**Directions for this task:**
Once you find the line that contains "this 1932×1932 image.", write out that line and every line after it to the end of the records, exactly and with nothing else.

[Start of section]

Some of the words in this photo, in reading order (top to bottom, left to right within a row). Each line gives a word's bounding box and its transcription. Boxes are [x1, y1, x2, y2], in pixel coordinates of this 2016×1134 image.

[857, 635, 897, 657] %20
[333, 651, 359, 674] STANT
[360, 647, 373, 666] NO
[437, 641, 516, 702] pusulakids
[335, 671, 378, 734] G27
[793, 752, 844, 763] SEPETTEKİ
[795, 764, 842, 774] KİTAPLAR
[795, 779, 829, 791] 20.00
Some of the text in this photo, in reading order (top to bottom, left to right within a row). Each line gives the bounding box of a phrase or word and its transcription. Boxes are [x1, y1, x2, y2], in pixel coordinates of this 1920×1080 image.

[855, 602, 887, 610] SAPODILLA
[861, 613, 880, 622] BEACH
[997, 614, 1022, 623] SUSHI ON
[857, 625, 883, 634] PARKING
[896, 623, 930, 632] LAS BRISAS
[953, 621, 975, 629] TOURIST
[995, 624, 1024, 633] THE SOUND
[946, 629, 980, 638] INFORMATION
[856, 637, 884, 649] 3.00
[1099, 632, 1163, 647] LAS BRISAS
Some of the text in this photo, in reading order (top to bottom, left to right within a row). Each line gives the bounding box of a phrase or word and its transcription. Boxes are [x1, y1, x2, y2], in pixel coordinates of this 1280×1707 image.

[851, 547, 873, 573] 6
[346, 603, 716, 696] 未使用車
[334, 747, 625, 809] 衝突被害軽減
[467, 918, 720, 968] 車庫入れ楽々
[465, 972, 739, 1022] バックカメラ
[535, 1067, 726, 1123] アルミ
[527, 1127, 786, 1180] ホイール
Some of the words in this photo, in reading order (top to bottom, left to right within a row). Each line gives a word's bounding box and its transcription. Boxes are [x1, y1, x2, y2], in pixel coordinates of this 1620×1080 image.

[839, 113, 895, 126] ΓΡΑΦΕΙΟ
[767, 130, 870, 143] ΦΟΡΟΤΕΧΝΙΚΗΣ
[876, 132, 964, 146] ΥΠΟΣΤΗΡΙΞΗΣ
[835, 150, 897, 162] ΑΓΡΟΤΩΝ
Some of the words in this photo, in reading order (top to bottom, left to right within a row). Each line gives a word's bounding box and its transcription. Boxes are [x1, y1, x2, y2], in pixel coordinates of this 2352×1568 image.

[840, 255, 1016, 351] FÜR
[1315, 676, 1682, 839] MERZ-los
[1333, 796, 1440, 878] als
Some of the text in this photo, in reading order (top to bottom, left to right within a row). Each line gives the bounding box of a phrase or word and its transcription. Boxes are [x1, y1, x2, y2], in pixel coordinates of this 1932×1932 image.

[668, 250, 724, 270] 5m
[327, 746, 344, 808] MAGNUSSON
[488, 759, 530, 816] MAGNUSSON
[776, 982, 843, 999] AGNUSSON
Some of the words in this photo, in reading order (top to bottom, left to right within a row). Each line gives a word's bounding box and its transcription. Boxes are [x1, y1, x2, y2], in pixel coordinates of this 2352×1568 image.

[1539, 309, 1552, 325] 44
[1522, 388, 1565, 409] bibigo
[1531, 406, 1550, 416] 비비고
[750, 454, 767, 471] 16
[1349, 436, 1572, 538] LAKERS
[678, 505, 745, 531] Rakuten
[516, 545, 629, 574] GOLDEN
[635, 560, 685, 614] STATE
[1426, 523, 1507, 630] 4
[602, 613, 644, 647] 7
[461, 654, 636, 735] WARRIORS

[End of section]

**Answer box:**
Some of the text in this photo, in reading order (top to bottom, left to right within a row). Each line gives the bounding box of a phrase or word and its transcription. Boxes are [x1, y1, x2, y2], in pixel coordinates of this 1932×1932 image.

[668, 250, 724, 270] 5m
[327, 746, 344, 808] MAGNUSSON
[488, 759, 530, 816] MAGNUSSON
[776, 982, 843, 999] AGNUSSON
Some of the words in this photo, in reading order (top to bottom, left to right within a row). Each line gives a word's bounding box and its transcription. Boxes are [x1, y1, x2, y2], in pixel coordinates of this 2352×1568 image.

[1539, 309, 1552, 325] 44
[1522, 388, 1565, 409] bibigo
[1531, 406, 1550, 416] 비비고
[750, 454, 767, 471] 16
[1349, 436, 1572, 538] LAKERS
[678, 505, 745, 531] Rakuten
[516, 545, 629, 574] GOLDEN
[635, 560, 685, 614] STATE
[1426, 523, 1507, 630] 4
[602, 613, 644, 647] 7
[461, 654, 636, 735] WARRIORS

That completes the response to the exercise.